Although not part of the primary focus of this paper, we did also sequence the CMV UL54 gene in the first CMV PCR positive sample from 22 of the 27 episodes where (val)ganciclovir treatment failure was observed, and found one sGRM at codon 503 (T503I). The in vitro IC50 ratio for this mutation has been reported to be 2.9 . Further studies are required to more fully understand the possible contribution from GRMs in UL54 to (val)ganciclovir treatment failures, and until then, our data do not support sequencing of this gene as part of routine care.
The limitations of this study include the retrospective design which could cause variations in monitoring frequencies and follow-up in HSCT versus SOT recipients. Plasma concentrations of ganciclovir were not measured and inadequate dosing or failure to adapt to renal function could attribute to a prolonged treatment response. We used Sanger sequencing where a mutation can only be detected if present in more than approximately 20% of the virus population. Hence, it is possible that mutations in minority virus variants at the time of sampling remained undetected, and only deep sequencing techniques can fully describe the kinetics of the emergence of sGRMs. Finally, we used two different rather diverse approaches to define treatment failure and found consistent results for our main finding. However, currently there is no consensus on how to define treatment failure in CMV infection and the definitions vary by as much as persistence of viremia from 2 to 8 weeks after initiation of treatment [8, 22, 23]. In order to optimize guidelines on how to interpret evolution of CMV viral load during course of treatment, more evidence variation in clinical and virological (i.e. resistance selection) outcomes from applying various types of definitions applied in routine practice and in controlled trials is urgently required. Collaboration among transplant units with different approaches and with collectively large number of patients will be required to resolve this.
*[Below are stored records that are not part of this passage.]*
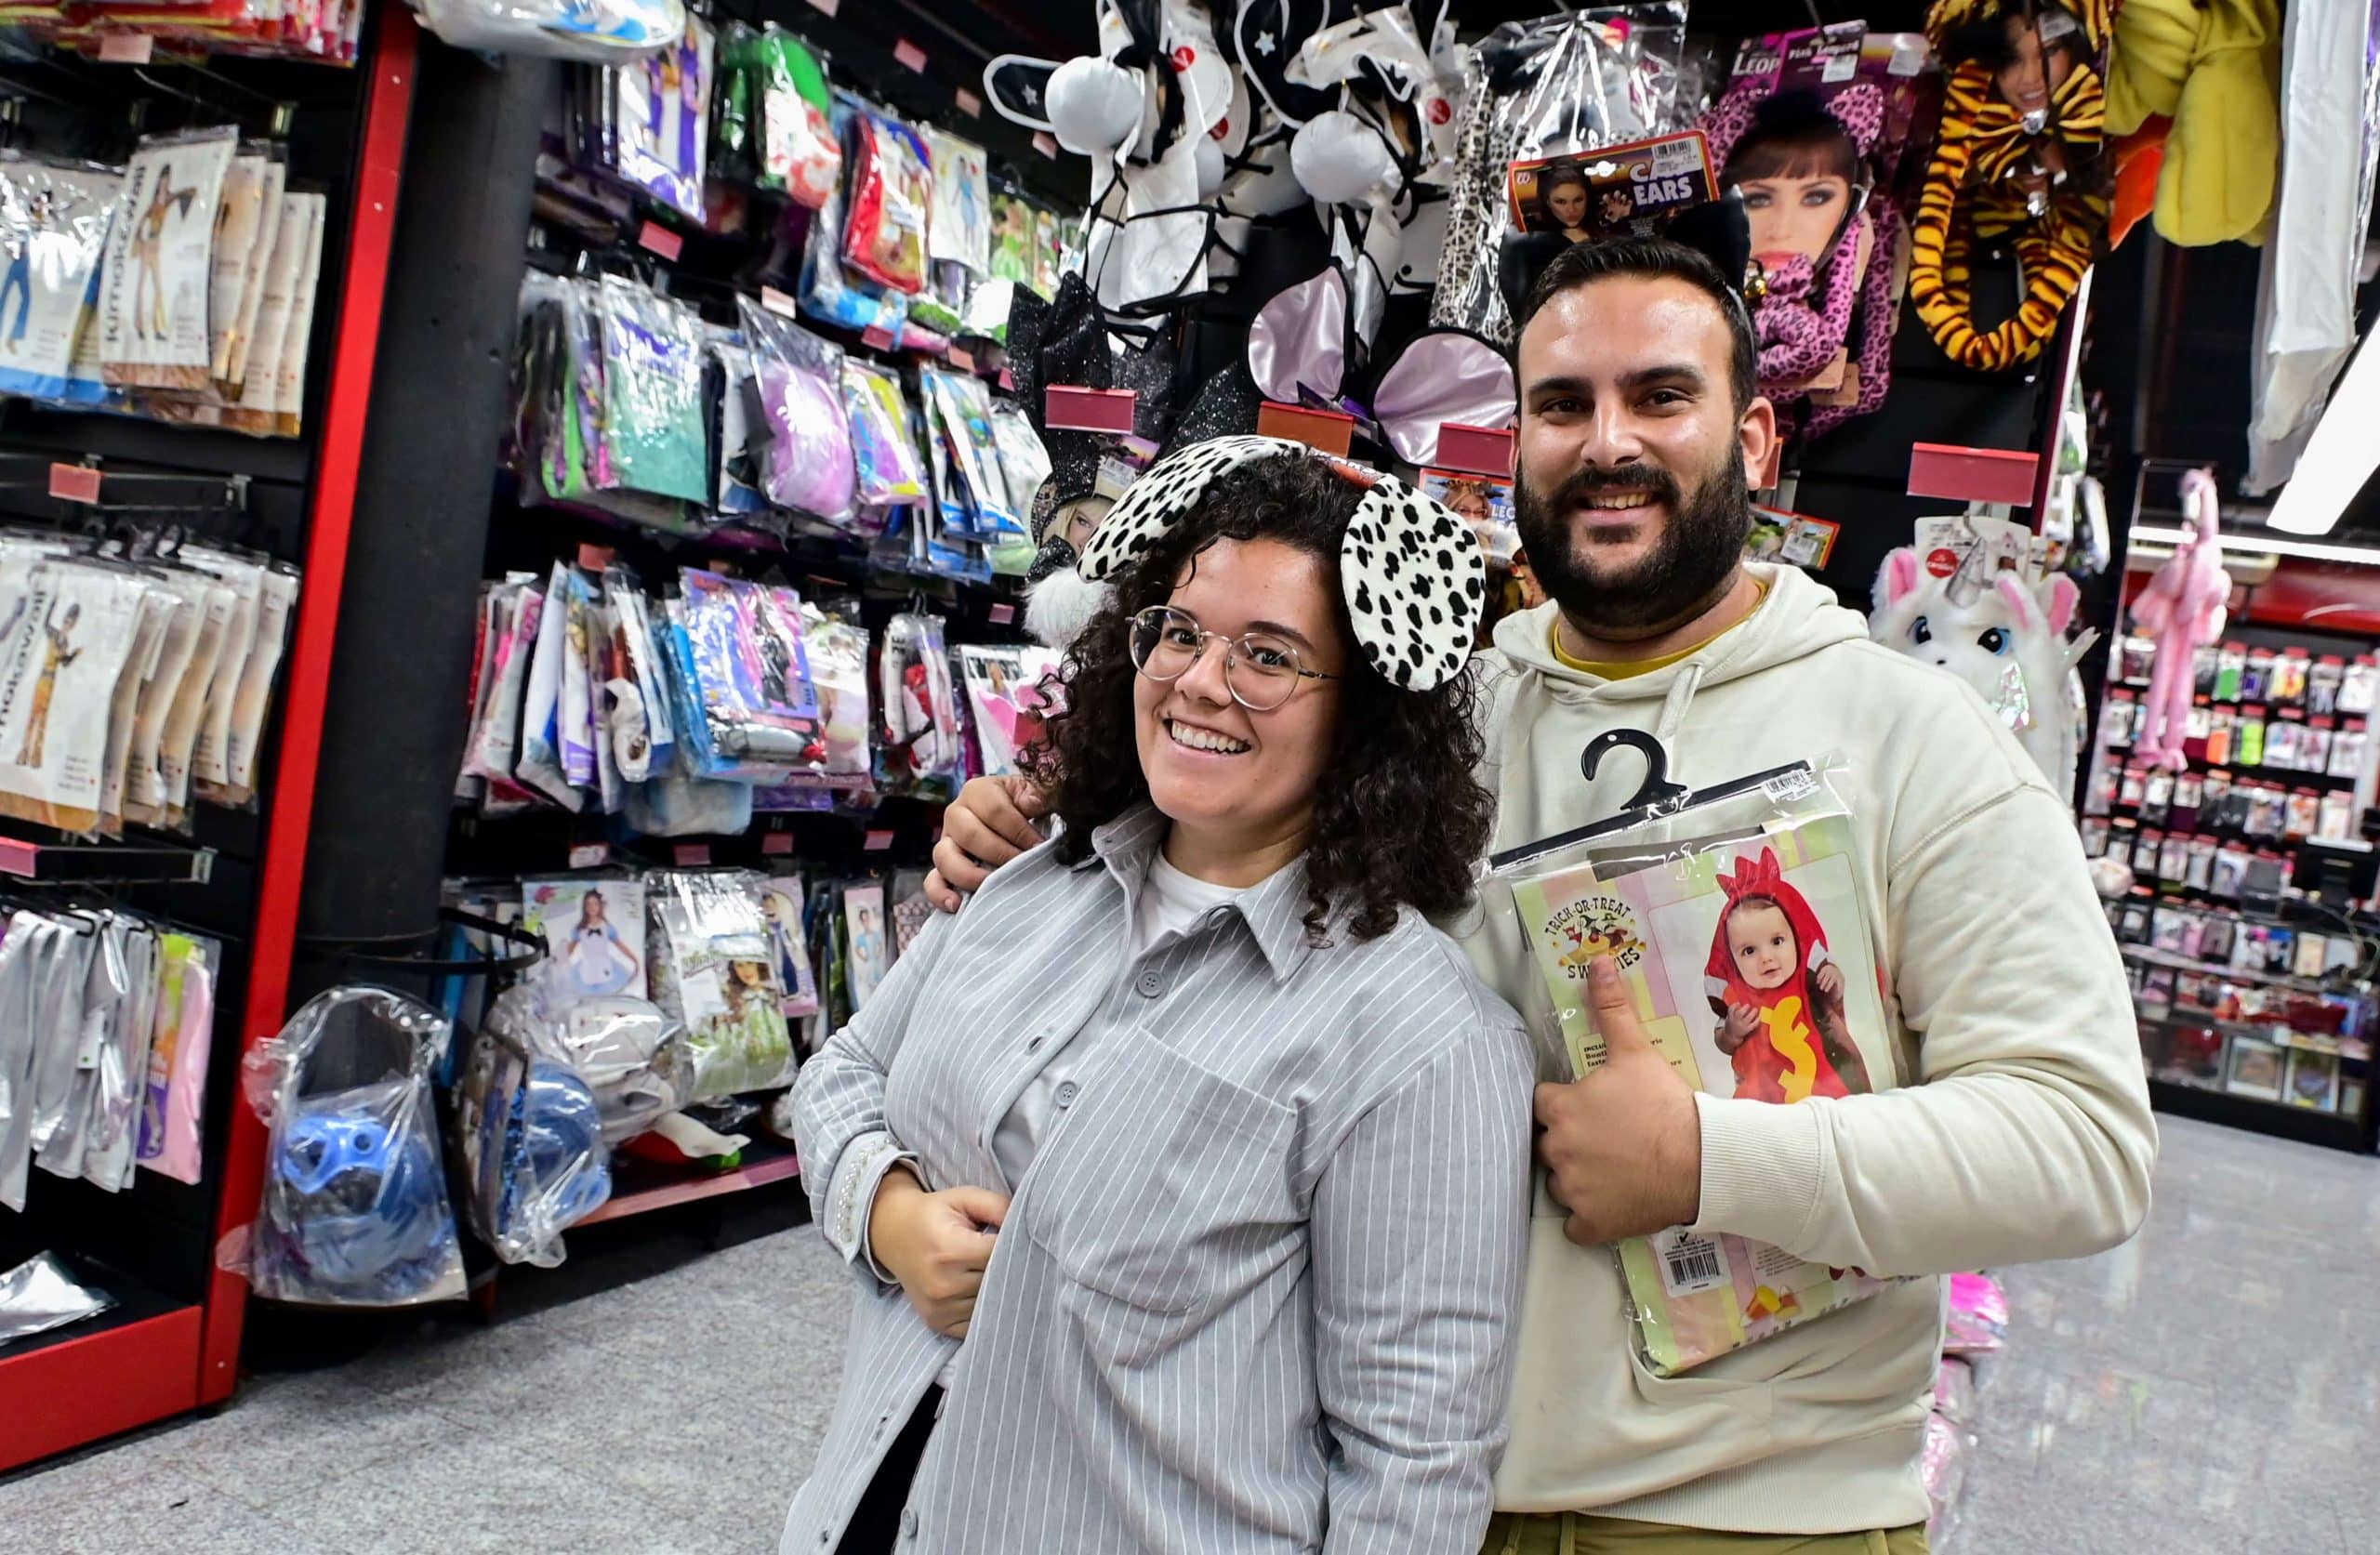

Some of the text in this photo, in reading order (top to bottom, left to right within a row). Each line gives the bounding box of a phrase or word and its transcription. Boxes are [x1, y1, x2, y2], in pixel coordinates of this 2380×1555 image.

[1629, 159, 1685, 183] CA
[1633, 176, 1693, 206] EARS
[1567, 946, 1641, 980] SWIES
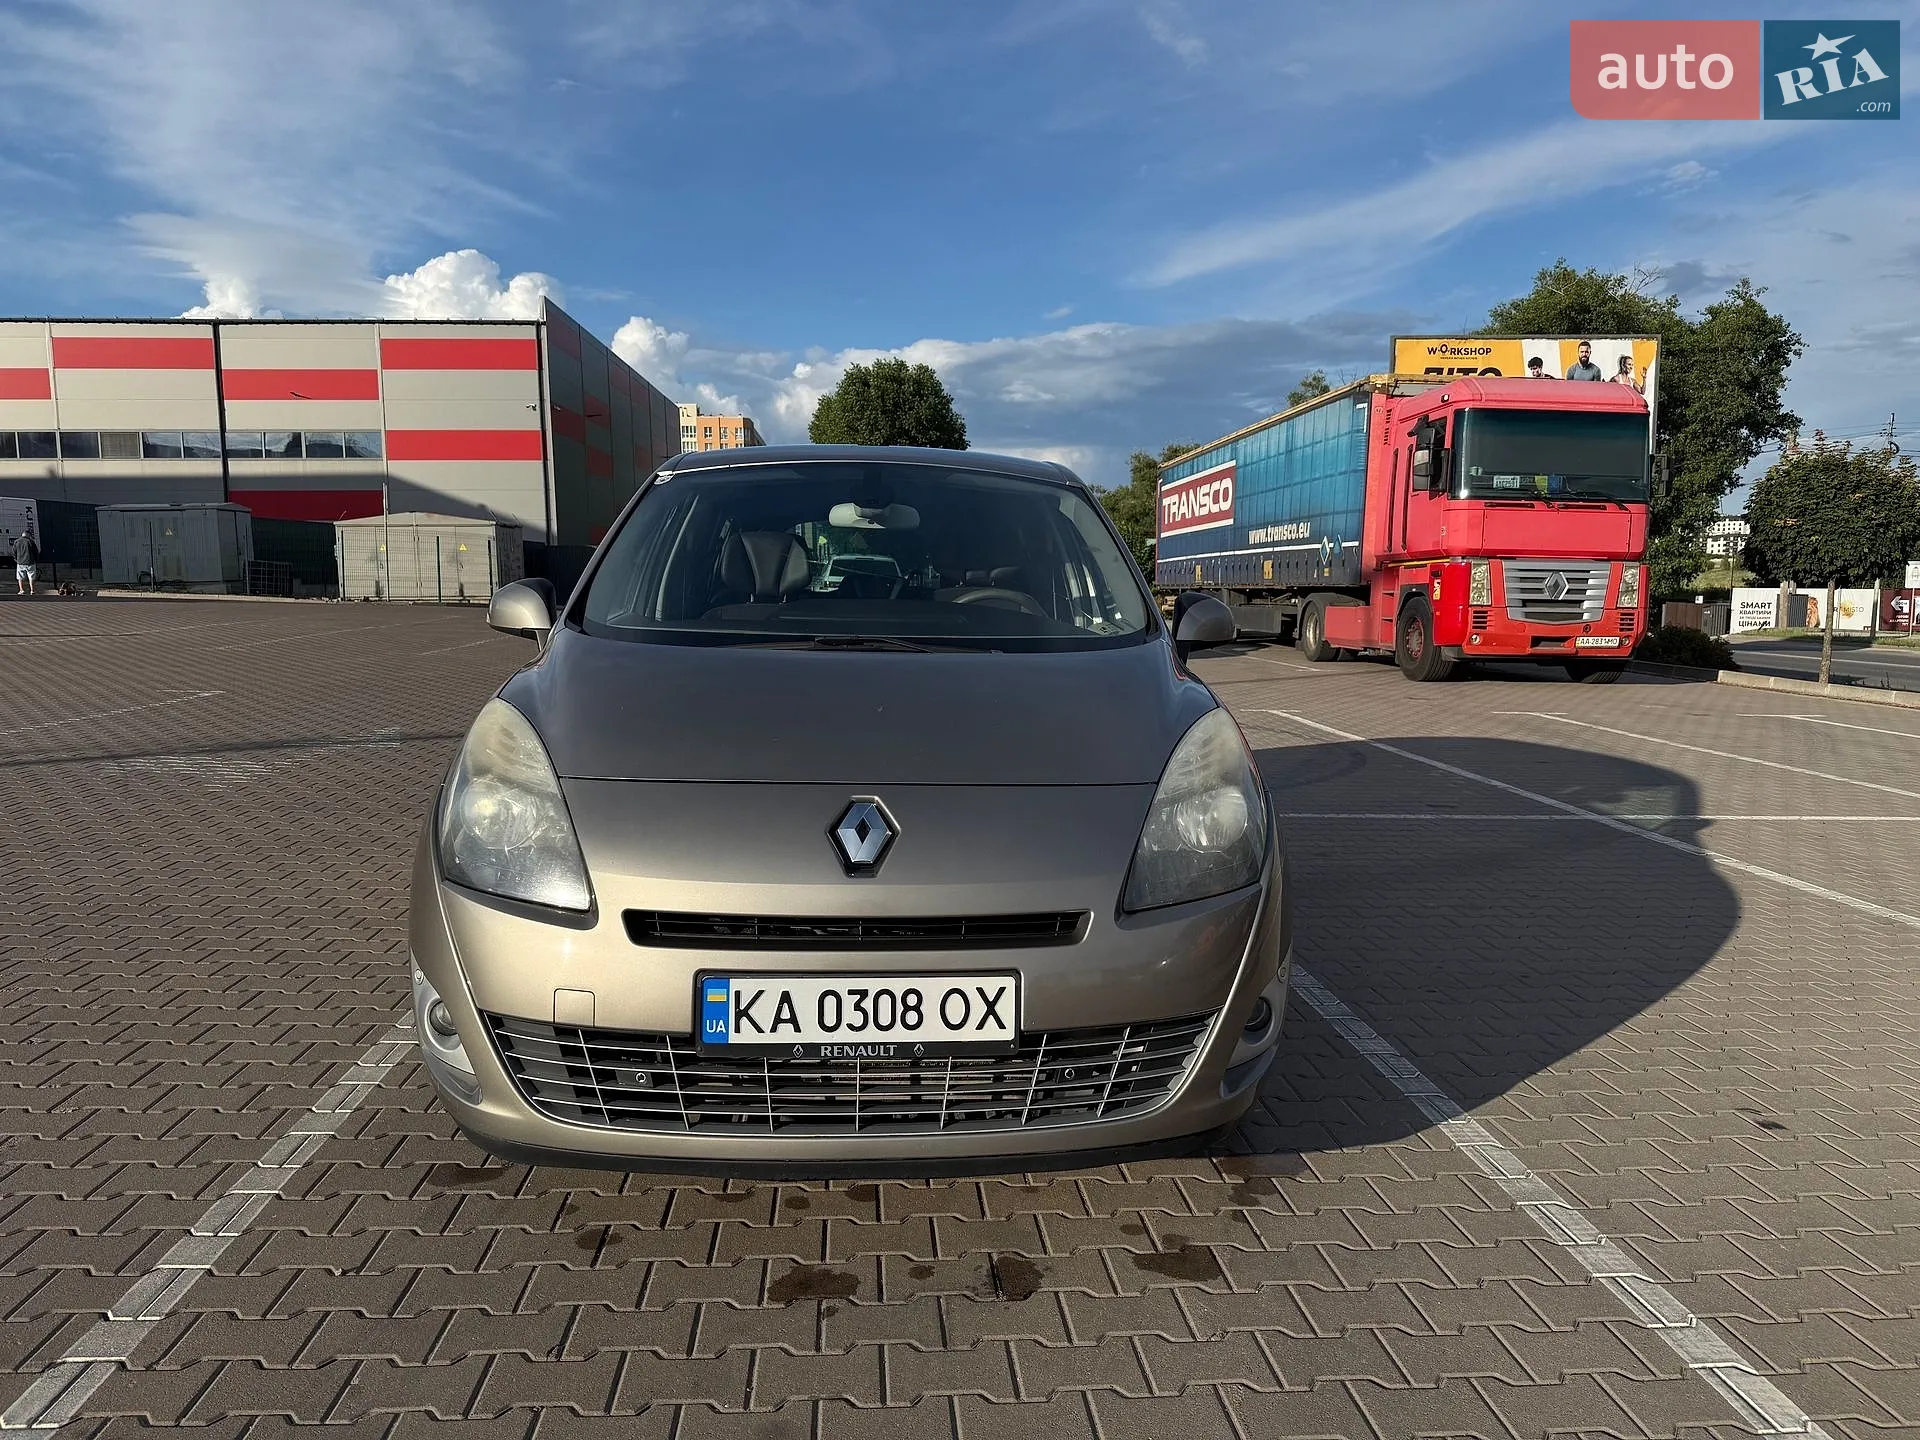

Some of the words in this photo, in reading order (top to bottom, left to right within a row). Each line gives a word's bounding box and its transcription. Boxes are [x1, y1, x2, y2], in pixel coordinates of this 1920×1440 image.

[1427, 343, 1492, 356] WORKSHOP
[1162, 477, 1233, 525] TRANSCO
[1248, 520, 1311, 545] www.transco.eu
[1740, 601, 1772, 609] SMART
[733, 989, 802, 1034] KA
[817, 987, 924, 1033] 0308
[939, 986, 1007, 1031] OX
[706, 1019, 726, 1034] UA
[820, 1044, 898, 1058] RENAULT
In conclusion, irrespective of which type of transplant and/or prophylactic strategy is used, our findings suggest that when observing clinical treatment failure to (val)ganciclovir in an episode of posttransplantation CMV infection, the selection of an sGRM should be suspected and sequencing of the UL97 gene can confirm this. Switch to foscarnet should be considered if an sGRM is found. The probability that an sGRM explains failure to respond to (val)ganciclovir is higher in recurrent than in first infection episodes, and in particular if other potential contribution causes can be ruled out including inadequate dosing, malabsorption or noncompliance to valganciclovir.
The manuscript was not prepared or funded by a commercial organization. The authors of this manuscript have no conflicts of interest to disclose as described by the American Journal of Transplantation.